Characterization of non-human primate dura in health and neurodegeneration

Abstract

AbstractBrain meninges and associated vasculature participate in brain clearance and are implicated in many neurological conditions such as Alzheimer’s disease, meningitis, multiple sclerosis, stroke, and traumatic brain injury. However, most of our knowledge concerning brain clearance via meninges is based on rodent data, and relevance to human disease remains unclear. One of the technical barriers in studies of meningeal physiology in health and disease is that existing imaging modalities are suboptimal for large and optically non-transparent meningeal tissue of humans and non-human primate (NHP) animal models.

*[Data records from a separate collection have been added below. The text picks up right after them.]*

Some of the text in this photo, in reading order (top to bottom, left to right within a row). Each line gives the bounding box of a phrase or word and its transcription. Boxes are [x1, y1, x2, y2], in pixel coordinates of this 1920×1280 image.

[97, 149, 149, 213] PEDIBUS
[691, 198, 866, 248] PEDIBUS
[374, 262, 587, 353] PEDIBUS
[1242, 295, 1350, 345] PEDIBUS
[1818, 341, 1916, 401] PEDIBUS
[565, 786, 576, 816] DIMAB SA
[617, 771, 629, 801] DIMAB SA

To address this barrier, we performed first characterization of NHP dura by high resolution confocal microscopy of clarified tissue. We investigated vascular structures and resident cells in normal monkeys and primate models of tauopathy and synucleinopathy. We demonstrated the presence of an extensive meningeal vascular network covering the entire tissue surface with resolution to the smallest capillaries. This is also the first work to map lymphatic vessels in the dura of non-human primate (NHP). Overall, the NHP lymphatic meningeal system resembles the anatomy found in rat dura, but it is more complex. Analysis of dura from NPH models of tauopathy and synucleinopathy revealed an association with disease-specific biomarkers (amyloid, tau, α-synuclein) with both the blood and lymphatic vasculature. This work has broad relevance to many brain diseases where solute accumulation and abnormal macromolecular clearance is a part of the pathogenesis.